## INSTRUCTIONS FOR THE TASK
Transcribe every record verbatim; no pictures.

Collected data:
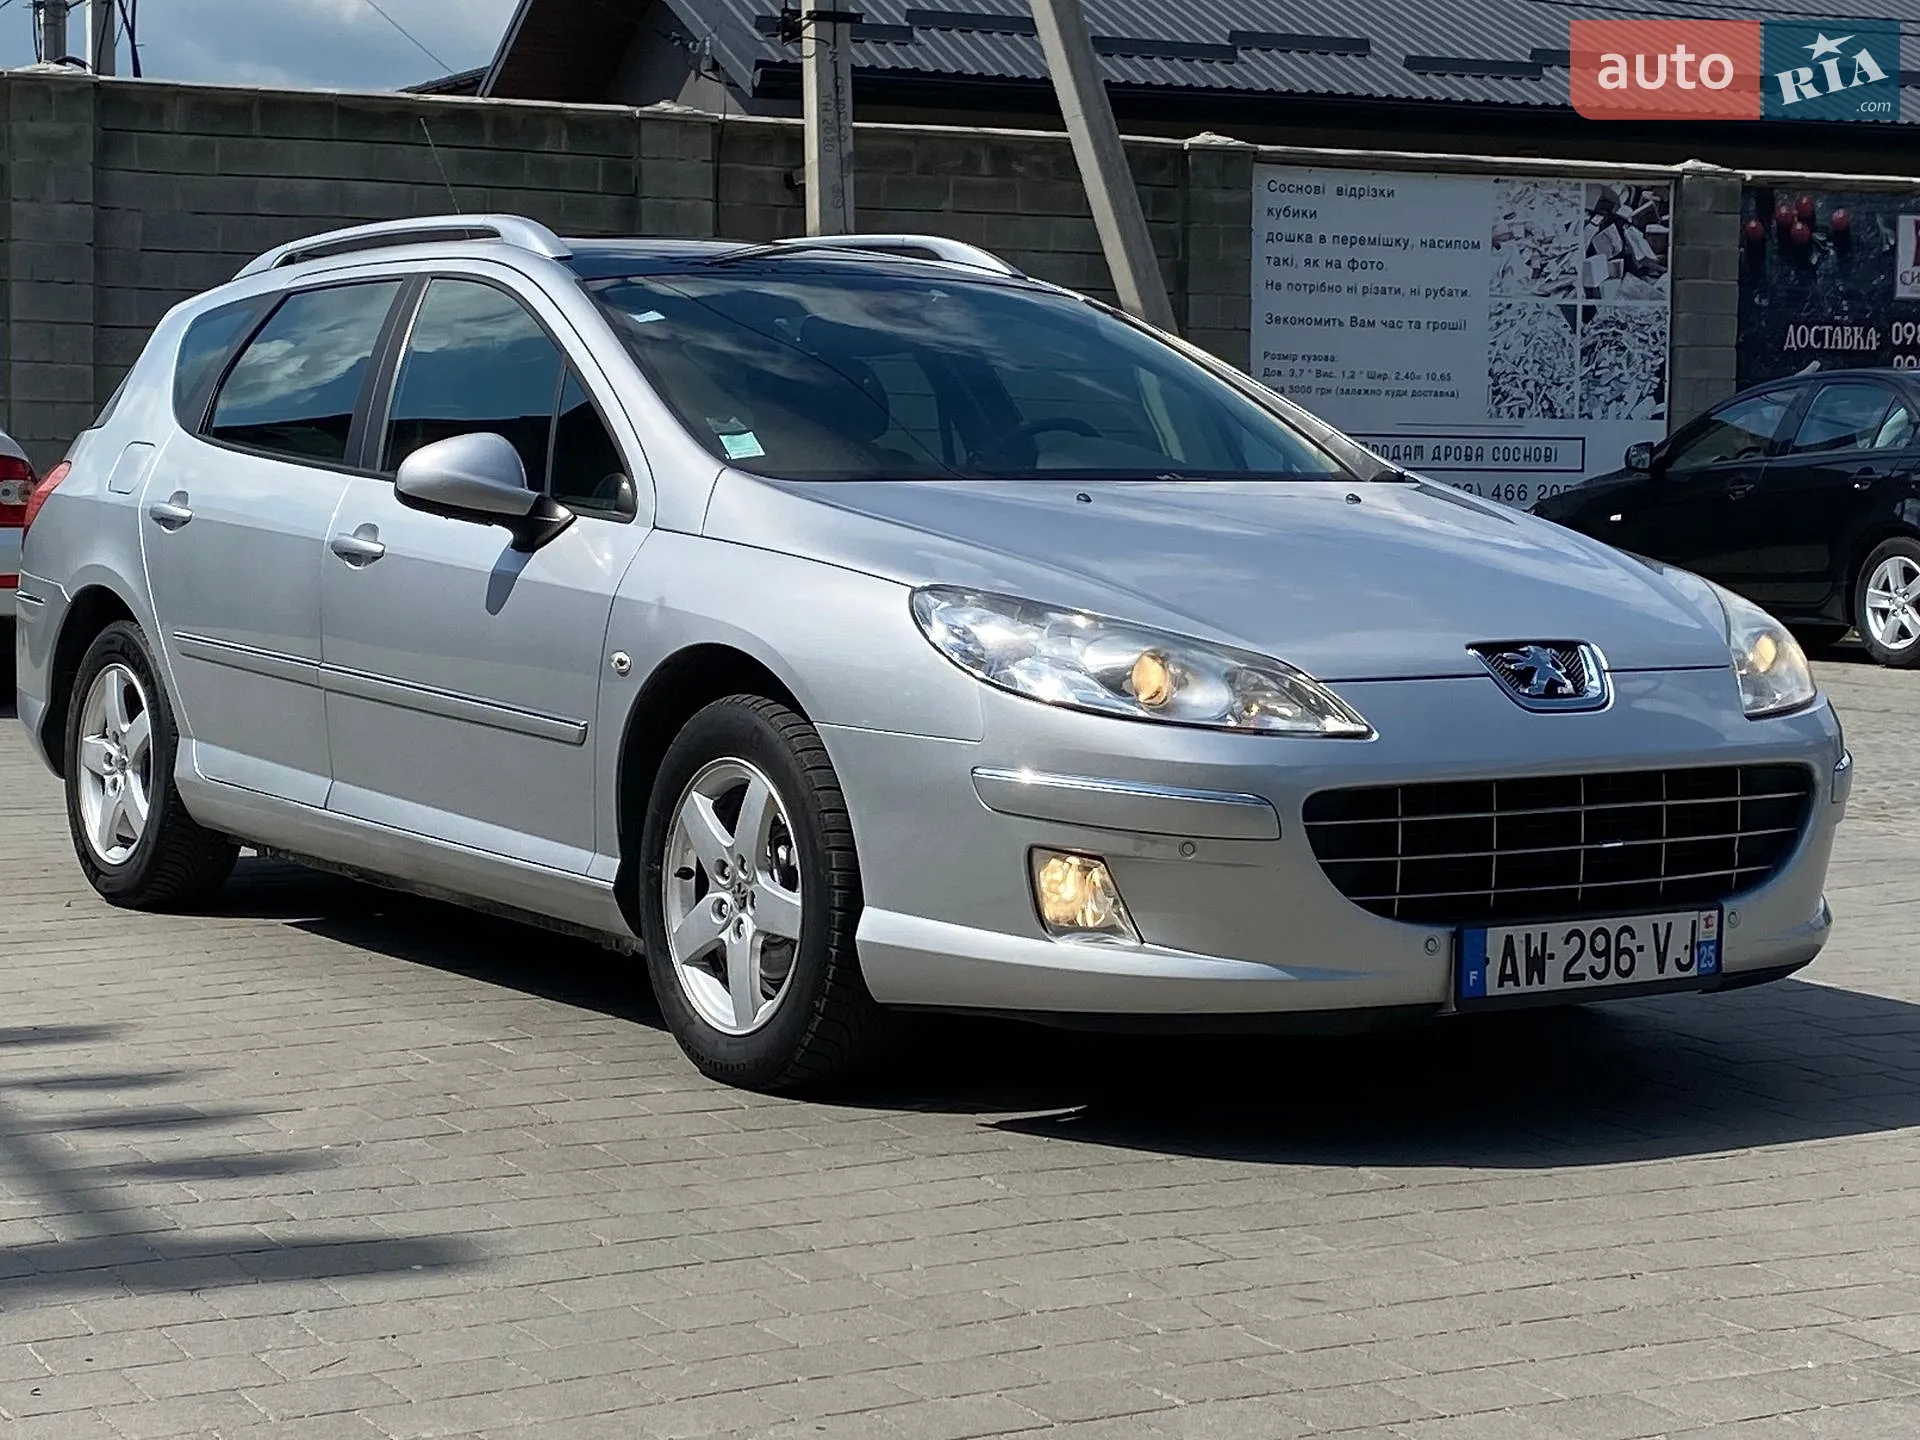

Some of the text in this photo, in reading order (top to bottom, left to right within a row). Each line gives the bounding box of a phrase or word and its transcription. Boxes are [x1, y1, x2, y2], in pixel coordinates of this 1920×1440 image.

[1267, 179, 1395, 200] Соснові відрізки
[1266, 203, 1318, 220] кубики
[1265, 230, 1481, 251] дошка в перемішку, насипом
[1265, 254, 1298, 270] такі,
[1303, 257, 1320, 269] як
[1325, 258, 1342, 270] на
[1265, 280, 1472, 300] Не потрібно ні різати, ні рубати.
[1265, 312, 1467, 333] Зекономить Вам час та гроші!
[1783, 323, 1881, 351] ДОСТАВКА:
[1263, 351, 1339, 365] Розмір кузова:
[1431, 443, 1484, 462] ДРОВА
[1492, 444, 1559, 463] СОСНОВІ
[1491, 483, 1528, 501] 466
[1497, 919, 1697, 989] AW-296-VJ
[1699, 944, 1716, 969] 25
[1469, 970, 1478, 987] F
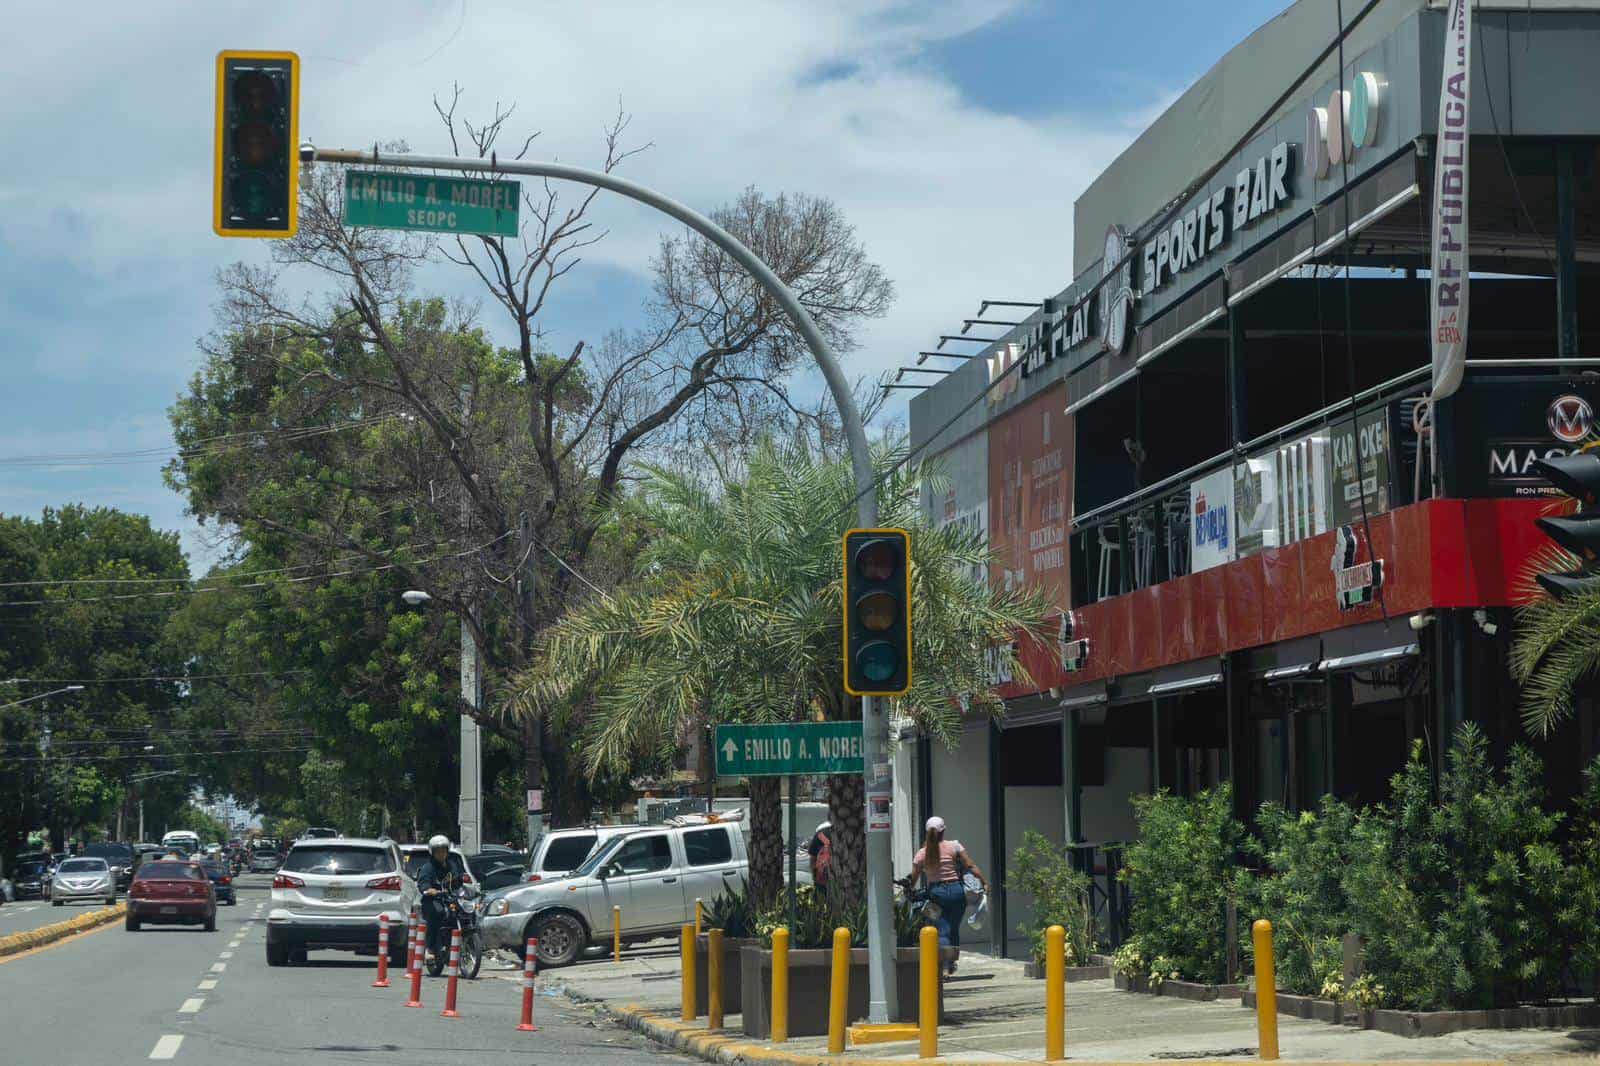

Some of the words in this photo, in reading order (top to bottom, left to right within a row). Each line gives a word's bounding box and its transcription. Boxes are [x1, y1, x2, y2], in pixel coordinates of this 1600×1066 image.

[352, 176, 416, 204] EMILIO
[425, 183, 441, 205] A.
[451, 184, 514, 209] MOREL
[407, 209, 457, 228] SEOPC
[1143, 186, 1228, 295] SPORTS
[1232, 141, 1289, 231] BAR
[1333, 421, 1383, 468] KAROKE
[1516, 487, 1536, 495] RON
[744, 738, 791, 761] EMILIO
[799, 738, 812, 760] A.
[819, 736, 864, 759] MOREL
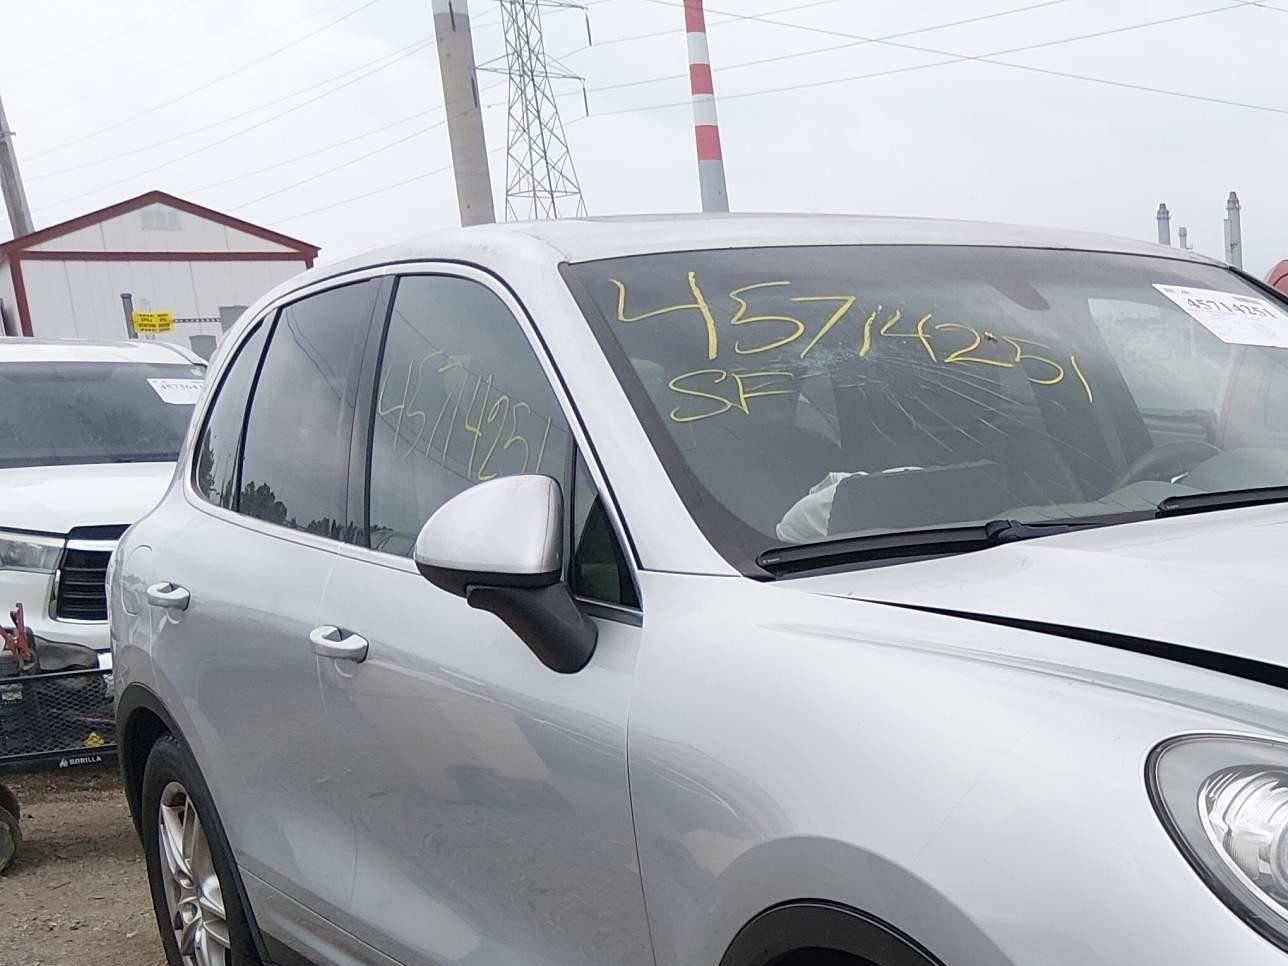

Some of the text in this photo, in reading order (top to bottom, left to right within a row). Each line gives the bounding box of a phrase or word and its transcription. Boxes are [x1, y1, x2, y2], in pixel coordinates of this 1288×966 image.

## COMPLETED EXERCISE
Some of the text in this photo, in reading order (top to bottom, left to right within a row). Each line gives the bounding box of a phrase or word and its transcription. Boxes are [x1, y1, x2, y2], in pixel coordinates of this 1920×1440 image.

[1267, 179, 1395, 200] Соснові відрізки
[1266, 203, 1318, 220] кубики
[1265, 230, 1481, 251] дошка в перемішку, насипом
[1265, 254, 1298, 270] такі,
[1303, 257, 1320, 269] як
[1325, 258, 1342, 270] на
[1265, 280, 1472, 300] Не потрібно ні різати, ні рубати.
[1265, 312, 1467, 333] Зекономить Вам час та гроші!
[1783, 323, 1881, 351] ДОСТАВКА:
[1263, 351, 1339, 365] Розмір кузова:
[1431, 443, 1484, 462] ДРОВА
[1492, 444, 1559, 463] СОСНОВІ
[1491, 483, 1528, 501] 466
[1497, 919, 1697, 989] AW-296-VJ
[1699, 944, 1716, 969] 25
[1469, 970, 1478, 987] F

Some of the words in this photo, in reading order (top to bottom, left to right within a row). Each line gives a word's bounding box and its transcription. Boxes are [x1, y1, x2, y2], in pixel coordinates of this 1600×1066 image.

[352, 176, 416, 204] EMILIO
[425, 183, 441, 205] A.
[451, 184, 514, 209] MOREL
[407, 209, 457, 228] SEOPC
[1143, 186, 1228, 295] SPORTS
[1232, 141, 1289, 231] BAR
[1333, 421, 1383, 468] KAROKE
[1516, 487, 1536, 495] RON
[744, 738, 791, 761] EMILIO
[799, 738, 812, 760] A.
[819, 736, 864, 759] MOREL

Some of the text in this photo, in reading order (top to bottom, left to right within a row). Each line gives the bounding box of a phrase or word and its transcription. Boxes are [x1, y1, x2, y2], in pixel coordinates of this 1288×966 image.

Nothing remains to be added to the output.